Kenanga Research & Investment

SKP Resources - Largely Spared From Supply-Chain Issues

kiasutrader
Publish date: Tue, 30 Aug 2022, 10:44 AM

SKPRES’s 1QFY23 results met expectations where revenue rose 7.8% YoY on resilient demand despite logistical challenges while CNP grew at an even stronger 14.5% on improved efficiency on the printed circuit board assembly (PCBA) front. We expect its growth trajectory to sustain with the introduction of new products, awarded by its key customer, in October. We maintain our forecasts, TP of RM2.10 and OUTPERFORM call.

Within expectations. 1QFY23 CNP of RM555.2m (+7.8% YoY) came in within expectations, representing 21% and 20% of our full-year forecast and the full-year consensus estimate, respectively.
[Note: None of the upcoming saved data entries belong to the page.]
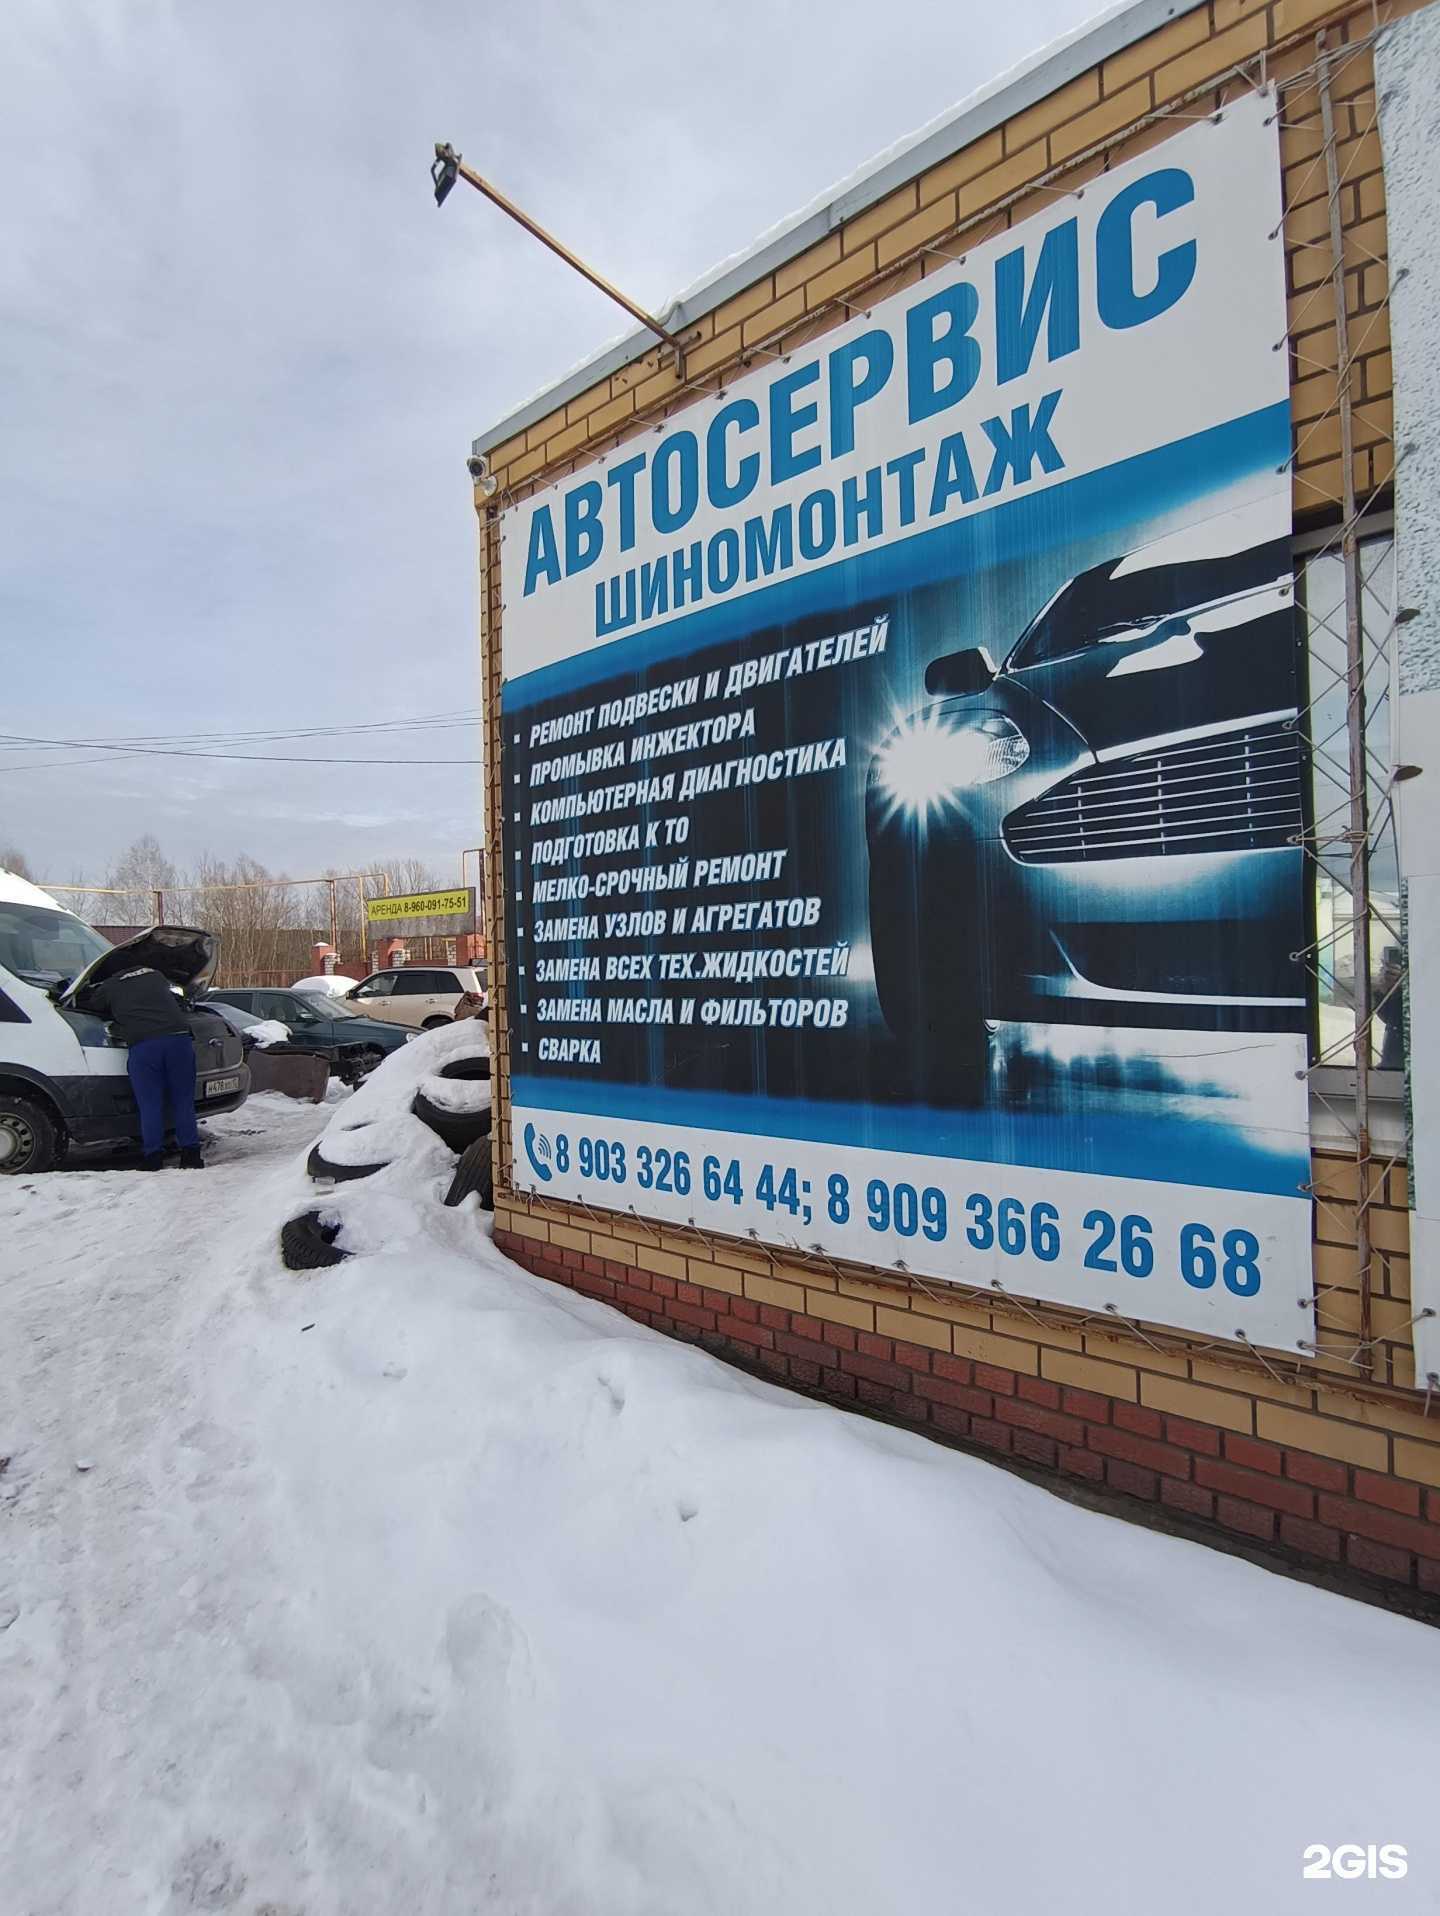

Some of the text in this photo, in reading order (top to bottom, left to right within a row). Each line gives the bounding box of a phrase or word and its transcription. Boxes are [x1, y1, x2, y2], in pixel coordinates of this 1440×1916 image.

[522, 167, 1197, 598] АВТОСЕРВИС
[595, 389, 1066, 638] ШИНОМОНТАЖ
[529, 613, 888, 749] РЕМОНТ ПОДВЕСКИ И ДВИГАТЕЛЕЙ
[530, 707, 756, 787] ПРОМЫВКА ИНЖЕКТОРА
[530, 736, 847, 826] КОМПЬЮТЕРНАЯ ДИАГНОСТИКА
[531, 816, 690, 866] ПОДГОТОВКА К ТО
[532, 848, 788, 904] МЕЛКО-СРОЧНЫЙ РЕМОНТ
[371, 896, 466, 915] АРЕНДА 8-960-091-75-51
[533, 896, 822, 943] ЗАМЕНА УЗЛОВ И АГРЕГАТОВ
[535, 958, 600, 983] ЗАМЕНА
[605, 954, 652, 981] ВСЕХ
[536, 997, 849, 1029] ЗАМЕНА МАСЛА И ФИЛЬТОРОВ
[538, 1038, 601, 1064] СВАРКА
[556, 1132, 1261, 1297] 8 903 326 64 44; 8 909 366 26 68
Results’ highlight. YoY, 1QFY23 revenue increased 7.8% YoY on the back of resilient demand for its manufacturing services relating to home care and personal care products despite the sporadic lockdowns in China. Amidst logistical challenges as well as the implementation of higher labour wages in May 2022, 1QFY23 CNP grew at a quicker pace of 14.5% YoY as the group continued to reap the benefits of being vertically integrated. Having achieved self-sufficiency on the PCBA front has also led to improvement in net margins by 0.4ppt YoY to 6.7%.
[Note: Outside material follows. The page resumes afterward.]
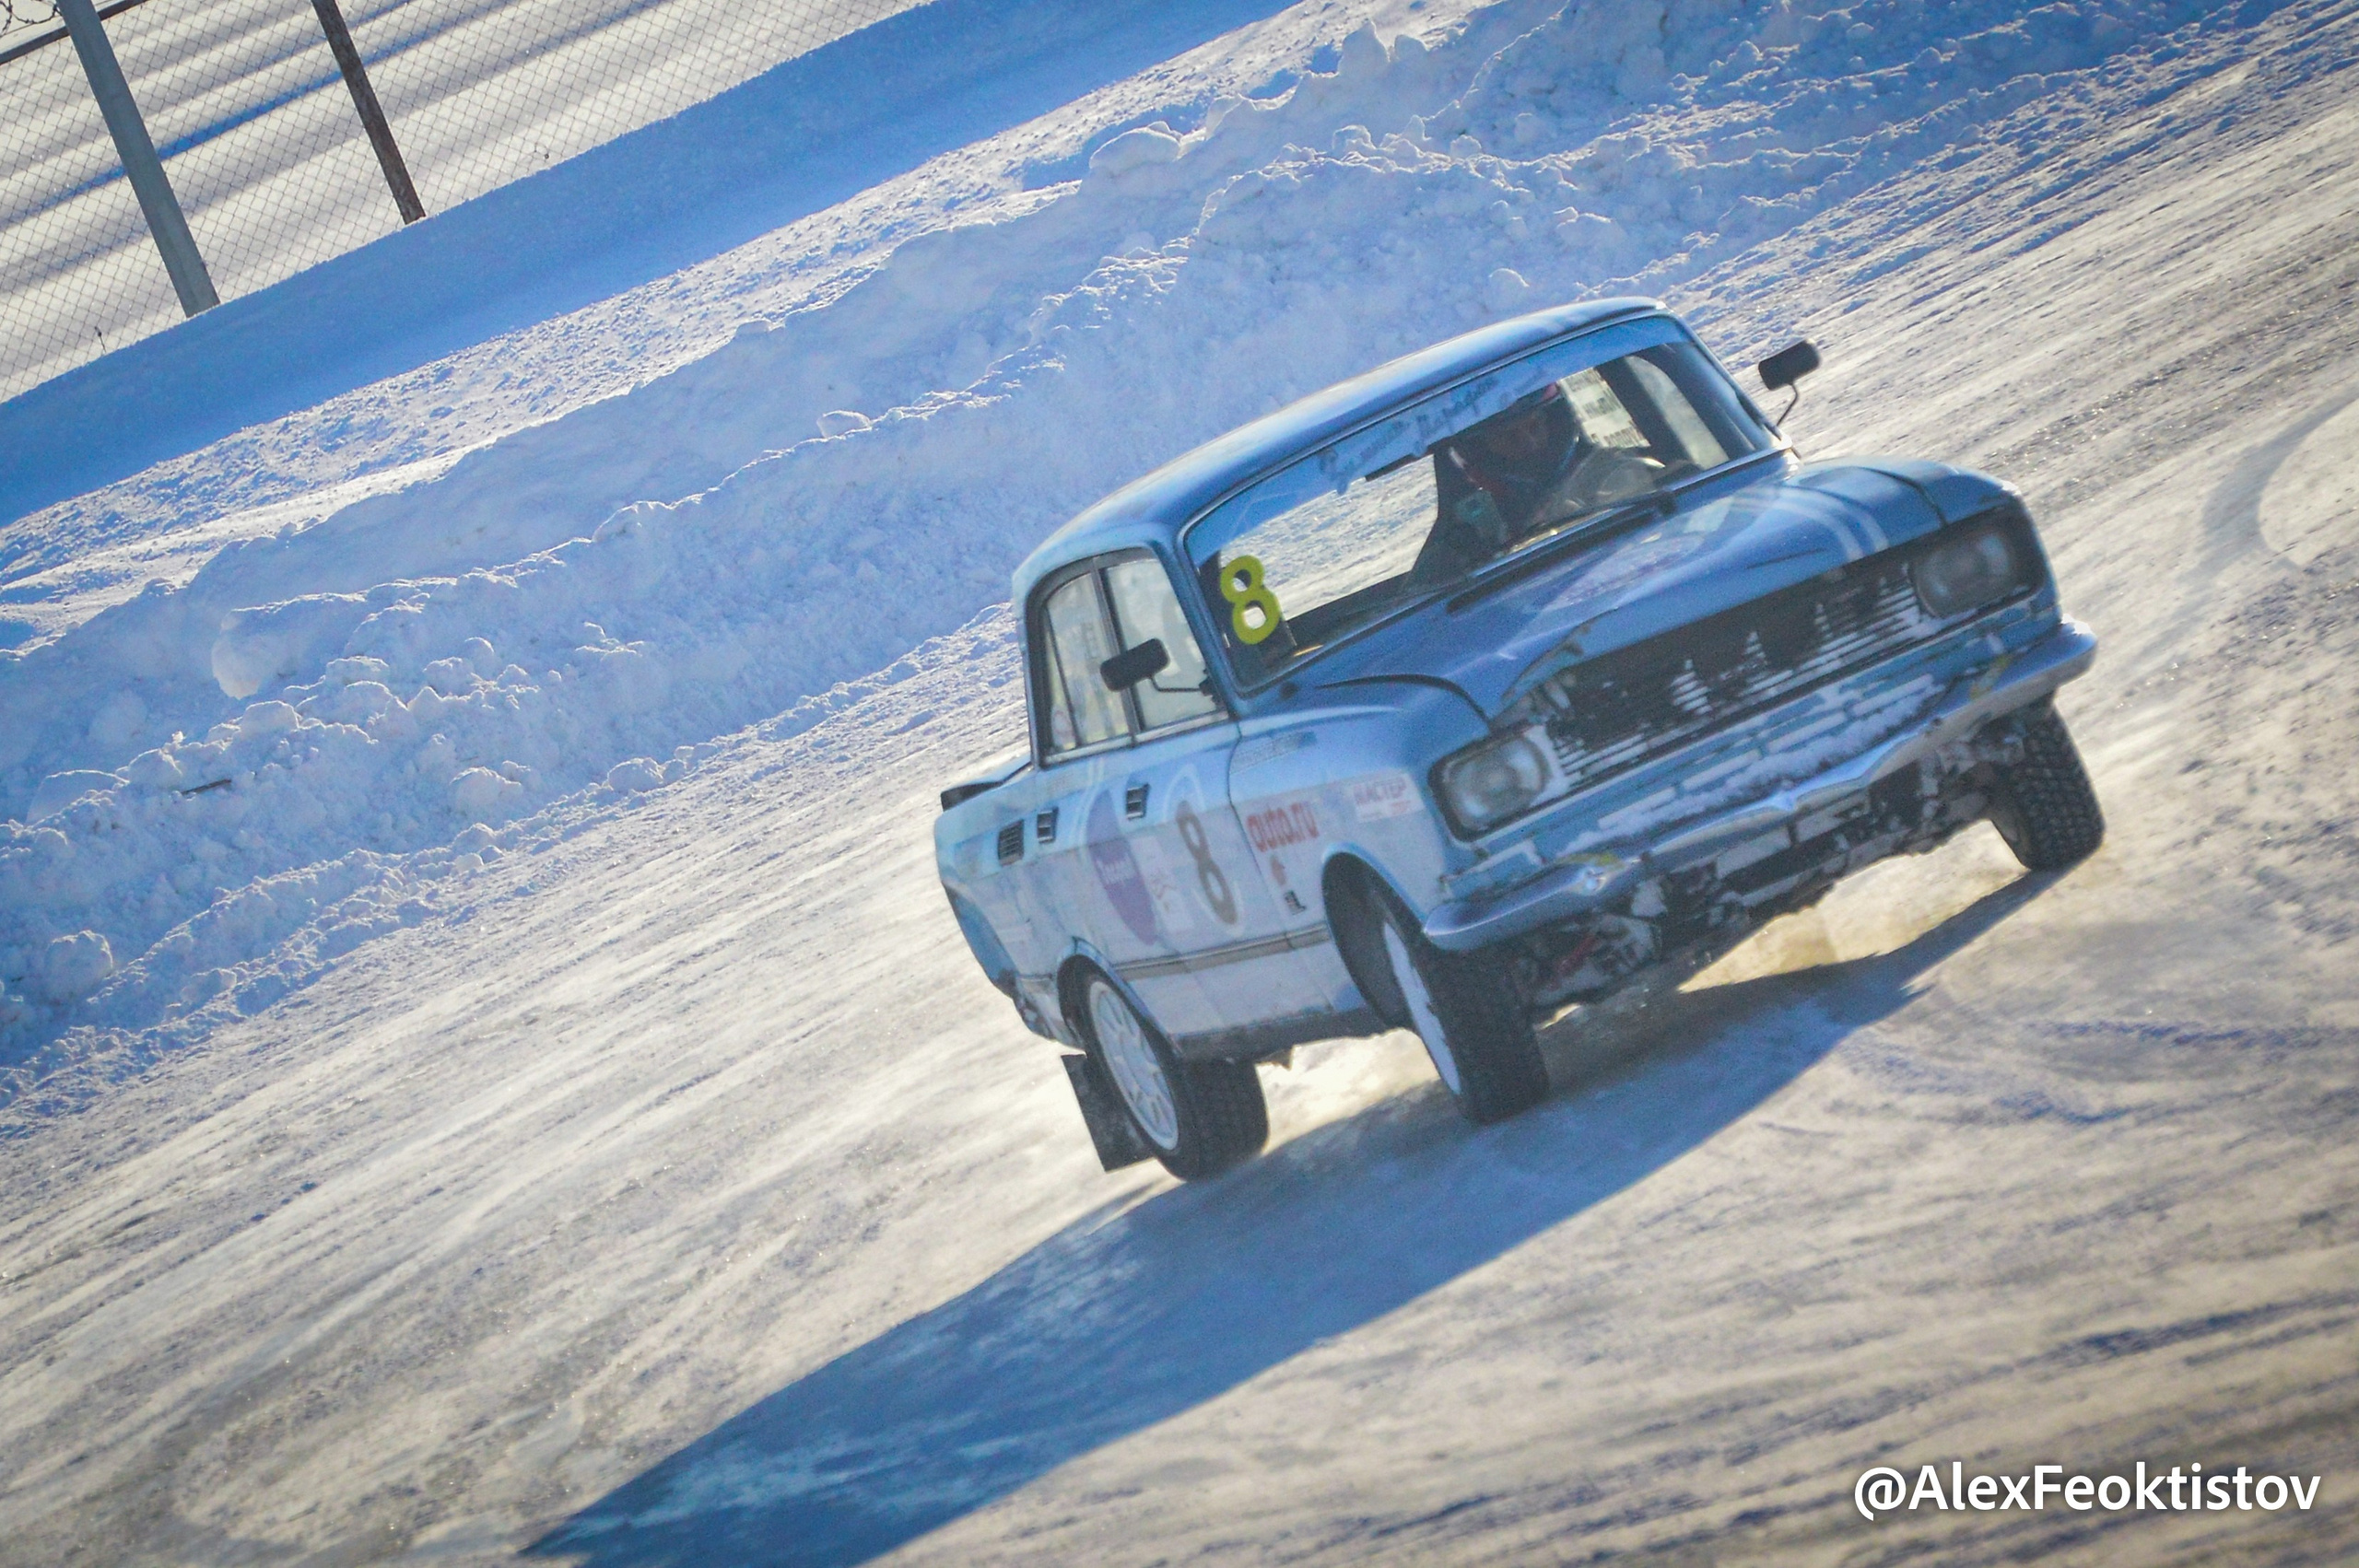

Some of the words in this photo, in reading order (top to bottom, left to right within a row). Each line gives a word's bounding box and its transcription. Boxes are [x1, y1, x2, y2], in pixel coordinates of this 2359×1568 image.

[1219, 555, 1281, 644] 8
[1176, 800, 1239, 925] 8
[1246, 801, 1320, 853] auto.ru
Kickstarting new projects. SKPRES is sanguine on its growth trajectory as customers are requesting for higher volume allocation in anticipation of the year-end festive season. In addition, the group is expected to kick start the production of two new products in October which will contribute positively in 3QFY23. To cope with the additional lines, SKPRES has added 850 new workers in batches since June and will have another 250 workers coming in by September. This will bring its total workforce to approximately 7,500 workers. Moreover, the construction of a new 650k sq ft plant on a 6.4-acre land in Johor Bahru remains on track to be completed by 1QCY23, increasing its total floor space by c.50%.

Forecasts. Maintained.

Maintain OUTPERFORM and Target Price of RM2.10 based on 17x CY23F PER (in line with its peers’ average forward PER). There is no adjustment to our TP based on ESG given a 3-star rating as appraised by us (see Page 4).

Risks to our call include: (i) loss of orders from non-renewal of contracts by its key customer, (ii) labour shortage and rising labour cost, (iii) negative social activists’ reviews on treatment of migrant workers, and (iv) unfavourable currency movements.